A breakdown of the 10 Crus, from north to south
One of the smallest of the Crus, St. Amour tends to produce wines that are rich and spicy. The terroir is dominated by granite and clay soils with patches of limestone and schist. Often fruit forward with a somewhat silky texture, the wines from St. Amour make a great introduction into the world of Cru Beaujolais for their approachability and great personality.

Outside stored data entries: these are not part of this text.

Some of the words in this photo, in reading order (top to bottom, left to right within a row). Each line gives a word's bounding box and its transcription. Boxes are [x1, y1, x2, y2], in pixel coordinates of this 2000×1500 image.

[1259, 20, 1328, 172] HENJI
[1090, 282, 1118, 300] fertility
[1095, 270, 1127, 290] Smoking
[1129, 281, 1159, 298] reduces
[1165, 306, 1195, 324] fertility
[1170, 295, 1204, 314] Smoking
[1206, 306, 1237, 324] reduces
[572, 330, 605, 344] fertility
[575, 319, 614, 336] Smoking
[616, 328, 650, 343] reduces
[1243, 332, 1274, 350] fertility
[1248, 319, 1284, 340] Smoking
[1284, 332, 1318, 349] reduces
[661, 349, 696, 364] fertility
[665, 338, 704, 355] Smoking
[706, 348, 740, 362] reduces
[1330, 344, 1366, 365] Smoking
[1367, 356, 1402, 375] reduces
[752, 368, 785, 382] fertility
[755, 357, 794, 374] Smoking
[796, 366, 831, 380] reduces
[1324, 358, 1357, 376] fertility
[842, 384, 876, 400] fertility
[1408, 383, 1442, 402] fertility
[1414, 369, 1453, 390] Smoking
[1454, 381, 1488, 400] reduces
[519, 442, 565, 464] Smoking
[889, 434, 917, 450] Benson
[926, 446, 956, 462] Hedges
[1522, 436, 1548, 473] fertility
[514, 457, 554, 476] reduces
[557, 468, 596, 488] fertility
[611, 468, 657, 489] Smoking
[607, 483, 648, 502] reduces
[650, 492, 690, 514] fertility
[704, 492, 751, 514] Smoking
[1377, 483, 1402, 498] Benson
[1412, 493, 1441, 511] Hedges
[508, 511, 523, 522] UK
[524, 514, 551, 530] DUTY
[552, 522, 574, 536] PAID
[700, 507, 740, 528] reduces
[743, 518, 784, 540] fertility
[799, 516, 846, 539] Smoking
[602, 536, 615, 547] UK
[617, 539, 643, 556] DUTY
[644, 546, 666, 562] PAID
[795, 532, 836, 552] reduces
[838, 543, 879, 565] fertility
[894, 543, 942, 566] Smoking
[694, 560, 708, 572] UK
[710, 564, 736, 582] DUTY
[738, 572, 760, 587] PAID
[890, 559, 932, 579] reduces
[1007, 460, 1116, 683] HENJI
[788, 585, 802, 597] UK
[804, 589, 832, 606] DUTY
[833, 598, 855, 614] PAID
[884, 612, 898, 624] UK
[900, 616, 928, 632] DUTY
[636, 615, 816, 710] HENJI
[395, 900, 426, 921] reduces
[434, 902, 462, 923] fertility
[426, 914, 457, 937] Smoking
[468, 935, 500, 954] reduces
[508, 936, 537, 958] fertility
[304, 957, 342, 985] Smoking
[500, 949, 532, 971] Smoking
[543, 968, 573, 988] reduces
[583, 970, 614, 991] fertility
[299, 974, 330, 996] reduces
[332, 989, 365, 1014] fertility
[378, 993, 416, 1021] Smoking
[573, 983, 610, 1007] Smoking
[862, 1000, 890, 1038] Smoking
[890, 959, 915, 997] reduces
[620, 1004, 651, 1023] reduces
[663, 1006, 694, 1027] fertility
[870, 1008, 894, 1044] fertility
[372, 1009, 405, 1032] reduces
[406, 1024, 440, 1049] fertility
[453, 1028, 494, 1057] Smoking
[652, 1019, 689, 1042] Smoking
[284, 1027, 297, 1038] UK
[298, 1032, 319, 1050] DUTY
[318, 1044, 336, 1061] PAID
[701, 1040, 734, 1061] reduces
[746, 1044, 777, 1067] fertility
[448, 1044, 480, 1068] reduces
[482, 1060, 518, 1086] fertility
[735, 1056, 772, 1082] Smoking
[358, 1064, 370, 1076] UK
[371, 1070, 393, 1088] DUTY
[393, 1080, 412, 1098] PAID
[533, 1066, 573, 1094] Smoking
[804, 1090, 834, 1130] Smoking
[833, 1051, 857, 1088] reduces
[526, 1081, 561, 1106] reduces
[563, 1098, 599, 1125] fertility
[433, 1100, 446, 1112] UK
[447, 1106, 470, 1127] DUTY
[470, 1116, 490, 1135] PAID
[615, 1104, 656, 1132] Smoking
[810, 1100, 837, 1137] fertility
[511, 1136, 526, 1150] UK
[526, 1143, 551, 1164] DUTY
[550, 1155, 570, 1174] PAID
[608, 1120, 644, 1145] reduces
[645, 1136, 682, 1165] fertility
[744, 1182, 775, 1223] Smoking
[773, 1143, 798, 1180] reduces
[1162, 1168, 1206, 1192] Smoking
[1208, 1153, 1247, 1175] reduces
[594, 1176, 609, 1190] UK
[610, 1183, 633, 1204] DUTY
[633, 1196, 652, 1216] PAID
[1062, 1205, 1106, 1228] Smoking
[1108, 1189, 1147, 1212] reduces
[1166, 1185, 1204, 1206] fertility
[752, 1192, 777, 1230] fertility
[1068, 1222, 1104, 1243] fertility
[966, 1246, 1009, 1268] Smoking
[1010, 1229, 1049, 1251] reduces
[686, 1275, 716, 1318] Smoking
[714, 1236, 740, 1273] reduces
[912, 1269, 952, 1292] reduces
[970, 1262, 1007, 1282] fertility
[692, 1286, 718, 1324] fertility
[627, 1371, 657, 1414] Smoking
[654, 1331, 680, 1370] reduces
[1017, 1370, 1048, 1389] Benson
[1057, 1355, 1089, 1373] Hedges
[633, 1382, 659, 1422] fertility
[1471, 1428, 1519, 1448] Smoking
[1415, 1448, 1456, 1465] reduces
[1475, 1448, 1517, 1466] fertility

Named after Julius Caesar, this Cru continuously produces wines of power and richness. Generally offering wines with spice and floral aromatics alongside notes of red fruits, wines from Julienas are best known for their incredible muscular structure and great ageability
Only one square mile, Chenas is the smallest of the ten Beaujolais Crus. Wines from Chenas display great floral notes with aromas or rose petals and a great mineral intensity. Generally offering a supple mouthfeel, these wines can really shine after several years of aging.
Moulin a Vent:
Known to be one of the best aging Crus, the region produces wines that are beefy and structured. It is thought that the age-ability of the Moulin a Vent wines is a result of the presence of manganese, a natural poison for grapevines, found in the soils here. While not enough to kill the vines, the manganese stresses the vine and lowers yields, resulting in sturdy, tannic wines that can lay down 25+ years.
Fleur in French means flower, and the wines from Fleurie are characterized by both their incredibly delicate and soft nature, as well as their distinctive floral note. In addition to their floral aromatics, the wines of this region typically display lush fruit and velvety texture.
Some of the highest altitude vineyards in Beaujolais, grapes take a week longer to ripen here than within the rest of the region. The wines of Chiroubles are often lighter bodied and more feminine than other Cru Beaujolais and are some of the best to drink early.
Perhaps the most masculine of the 10 Crus, Morgon wines display great weight and structure and are incredibly long aging. The region is made up of volcanic soils that contribute to wines with a great minerality. Meaty and dense in both color and structure, Morgon produces incredibly rich and fully bodied wines.
The newest of the Beaujolais Crus, Regnie is best known for the region’s pink granite soils. The wines are typically delicate and perfumed, leading towards bright red fruit with a slightly spicy note and exhibit a round plush mouthfeel.
The largest of the 10 Crus, the wines of Brouilly are incredibly fruity and youthful. A lighter style of Cru Beaujolais, the wines from this region can vary in style and expression, but generally exhibit floral notes and bright red fruit.
Cote de Brouilly:
The Cote de Brouilly is located on the slopes of Mont Brouilly, an extinct volcano. The wines from this Cru are bright and lively with dark, expressive fruit and much more structure and elegance than the neighboring Brouilly Cru.